It was late summer when state officials set out with two new types of mosquito traps on the hunt for the Aedes albopictus mosquito.
Reporter Bridget Barry Caswell: Did you find anything?
Vt. State Entomologist Alan Graham: We did not find anything at all.
The Aedes albopictus is the type of mosquito the Centers for Disease Control says may show up in the southern part of Vermont, one of the two types known to spread the Zika virus.
Federal money was not available until August, and that's when state entomologist Alan Graham says Vermont set up two traps in Brattleboro.
"If we look we may possibly find it, but it's doubtful it would overwinter. The best way that this species moves around is in the used tire trade," Graham said.
And since it has been found in New Hampshire and Massachusetts, Graham says the mosquito could come into Vermont in storage containers. The state will continue its surveillance next summer.

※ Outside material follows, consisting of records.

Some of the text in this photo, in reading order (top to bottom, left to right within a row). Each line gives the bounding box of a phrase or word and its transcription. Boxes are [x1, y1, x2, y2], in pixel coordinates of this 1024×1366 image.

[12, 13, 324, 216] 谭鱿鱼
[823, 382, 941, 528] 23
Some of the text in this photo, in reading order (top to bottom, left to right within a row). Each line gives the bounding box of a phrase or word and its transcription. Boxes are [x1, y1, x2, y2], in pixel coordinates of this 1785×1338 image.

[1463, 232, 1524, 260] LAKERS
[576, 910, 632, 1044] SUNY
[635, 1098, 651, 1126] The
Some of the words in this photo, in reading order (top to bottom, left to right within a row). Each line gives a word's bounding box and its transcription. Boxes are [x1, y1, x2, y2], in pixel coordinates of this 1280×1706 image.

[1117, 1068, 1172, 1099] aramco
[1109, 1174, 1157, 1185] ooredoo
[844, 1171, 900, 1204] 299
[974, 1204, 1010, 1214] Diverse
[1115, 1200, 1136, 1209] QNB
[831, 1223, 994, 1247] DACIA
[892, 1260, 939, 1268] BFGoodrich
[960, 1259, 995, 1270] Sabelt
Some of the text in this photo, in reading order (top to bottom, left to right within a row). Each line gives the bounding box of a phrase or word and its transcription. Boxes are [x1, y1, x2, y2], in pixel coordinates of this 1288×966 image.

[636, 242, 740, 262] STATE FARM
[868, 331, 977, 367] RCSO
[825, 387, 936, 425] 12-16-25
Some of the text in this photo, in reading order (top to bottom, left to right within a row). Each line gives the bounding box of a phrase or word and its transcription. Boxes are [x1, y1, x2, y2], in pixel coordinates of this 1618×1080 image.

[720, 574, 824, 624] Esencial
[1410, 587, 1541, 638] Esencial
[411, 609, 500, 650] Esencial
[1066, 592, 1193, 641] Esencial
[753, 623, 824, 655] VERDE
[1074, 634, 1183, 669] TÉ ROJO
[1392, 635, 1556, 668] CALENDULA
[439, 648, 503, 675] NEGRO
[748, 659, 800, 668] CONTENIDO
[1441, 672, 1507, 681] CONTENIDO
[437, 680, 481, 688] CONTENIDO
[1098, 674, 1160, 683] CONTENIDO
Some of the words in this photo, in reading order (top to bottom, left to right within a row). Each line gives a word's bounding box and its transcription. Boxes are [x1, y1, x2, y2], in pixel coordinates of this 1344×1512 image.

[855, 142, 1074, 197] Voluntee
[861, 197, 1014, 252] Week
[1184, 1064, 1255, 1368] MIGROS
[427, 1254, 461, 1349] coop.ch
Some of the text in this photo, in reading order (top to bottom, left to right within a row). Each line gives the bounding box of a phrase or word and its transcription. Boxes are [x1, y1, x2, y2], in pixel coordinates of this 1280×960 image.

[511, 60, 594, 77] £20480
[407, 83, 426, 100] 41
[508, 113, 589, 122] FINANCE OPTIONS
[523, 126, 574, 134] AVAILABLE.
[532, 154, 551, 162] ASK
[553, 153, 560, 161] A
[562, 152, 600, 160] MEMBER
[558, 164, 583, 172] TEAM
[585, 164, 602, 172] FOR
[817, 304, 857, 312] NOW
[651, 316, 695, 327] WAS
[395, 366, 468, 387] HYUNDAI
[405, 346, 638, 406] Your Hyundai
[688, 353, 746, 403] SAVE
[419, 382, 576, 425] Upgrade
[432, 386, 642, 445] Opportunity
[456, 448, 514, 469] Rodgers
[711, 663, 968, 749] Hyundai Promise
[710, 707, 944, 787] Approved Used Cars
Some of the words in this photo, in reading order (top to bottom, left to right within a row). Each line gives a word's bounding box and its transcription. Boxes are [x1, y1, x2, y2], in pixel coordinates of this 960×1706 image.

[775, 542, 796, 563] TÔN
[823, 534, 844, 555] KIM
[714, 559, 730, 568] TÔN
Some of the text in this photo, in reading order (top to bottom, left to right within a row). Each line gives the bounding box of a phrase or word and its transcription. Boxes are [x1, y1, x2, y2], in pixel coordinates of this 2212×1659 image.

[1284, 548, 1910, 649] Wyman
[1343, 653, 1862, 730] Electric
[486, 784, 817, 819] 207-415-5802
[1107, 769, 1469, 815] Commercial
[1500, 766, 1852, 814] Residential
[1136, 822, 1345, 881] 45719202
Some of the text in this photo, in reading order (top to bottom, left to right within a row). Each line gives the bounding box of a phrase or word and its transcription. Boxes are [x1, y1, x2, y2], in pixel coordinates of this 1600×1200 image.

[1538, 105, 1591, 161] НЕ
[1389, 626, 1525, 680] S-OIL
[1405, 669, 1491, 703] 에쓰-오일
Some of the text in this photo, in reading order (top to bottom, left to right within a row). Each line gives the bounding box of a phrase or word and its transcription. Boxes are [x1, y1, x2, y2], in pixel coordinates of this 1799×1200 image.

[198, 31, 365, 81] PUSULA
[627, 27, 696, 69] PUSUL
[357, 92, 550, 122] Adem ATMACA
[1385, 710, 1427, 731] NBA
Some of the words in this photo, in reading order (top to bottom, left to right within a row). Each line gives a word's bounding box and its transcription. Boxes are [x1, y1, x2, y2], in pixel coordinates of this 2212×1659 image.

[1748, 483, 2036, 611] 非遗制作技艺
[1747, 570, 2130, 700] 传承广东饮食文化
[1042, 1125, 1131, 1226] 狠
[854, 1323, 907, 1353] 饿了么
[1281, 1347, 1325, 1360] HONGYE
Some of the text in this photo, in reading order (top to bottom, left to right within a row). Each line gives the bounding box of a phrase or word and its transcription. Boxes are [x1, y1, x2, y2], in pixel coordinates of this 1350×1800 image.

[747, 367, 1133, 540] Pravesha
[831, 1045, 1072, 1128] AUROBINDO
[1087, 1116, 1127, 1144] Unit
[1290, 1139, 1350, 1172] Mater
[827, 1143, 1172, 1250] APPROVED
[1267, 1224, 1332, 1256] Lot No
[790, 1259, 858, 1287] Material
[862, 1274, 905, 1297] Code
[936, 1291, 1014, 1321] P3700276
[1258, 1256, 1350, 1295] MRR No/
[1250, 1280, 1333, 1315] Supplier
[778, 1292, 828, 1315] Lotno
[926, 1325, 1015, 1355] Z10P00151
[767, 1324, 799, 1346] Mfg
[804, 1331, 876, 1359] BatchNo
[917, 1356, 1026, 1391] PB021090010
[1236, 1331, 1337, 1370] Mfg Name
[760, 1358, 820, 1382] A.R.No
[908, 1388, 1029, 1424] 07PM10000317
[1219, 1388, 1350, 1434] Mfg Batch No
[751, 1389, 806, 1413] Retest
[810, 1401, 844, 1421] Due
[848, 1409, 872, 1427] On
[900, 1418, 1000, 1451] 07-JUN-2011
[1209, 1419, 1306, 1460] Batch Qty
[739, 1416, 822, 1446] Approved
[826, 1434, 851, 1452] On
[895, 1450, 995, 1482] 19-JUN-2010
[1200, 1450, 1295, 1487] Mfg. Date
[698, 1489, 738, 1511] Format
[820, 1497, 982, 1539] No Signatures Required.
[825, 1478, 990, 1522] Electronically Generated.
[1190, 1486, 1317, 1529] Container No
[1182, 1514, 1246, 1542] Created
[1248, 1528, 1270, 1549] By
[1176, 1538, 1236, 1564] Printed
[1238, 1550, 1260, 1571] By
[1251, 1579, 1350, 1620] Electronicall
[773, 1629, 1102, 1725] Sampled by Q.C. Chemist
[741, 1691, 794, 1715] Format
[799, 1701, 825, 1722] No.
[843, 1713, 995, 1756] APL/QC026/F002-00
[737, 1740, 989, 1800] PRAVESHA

"Next year, we intend to use little black cups like this. These are designed to have water in here. A piece of filter paper for the mosquitoes to lay eggs on. This is considered to be one of the best surveillance tools for looking for Aedes albopictus and also, its tropical relative, Aedes aegypti," Graham said.
As for Vermonters with Zika, less than a dozen cases have been confirmed this year.
"Right now, we have 10 cases of Zika virus in Vermont residents and all of those cases traveled overseas. So no one was infected while they were here in the United States," Vt. State Epidemiologist Bradley Tompkins said.
Tompkins says the state isn't surprised at that number given the fact that Vermonters like to travel to warmer climates during the winter. He says they expect the caseload will grow next year, but to date, no serious cases of illness have been recorded in the Green Mountain State.
So far, the Miami-Dade area of Florida is the only region within the U.S. with mosquito-borne spread of the virus.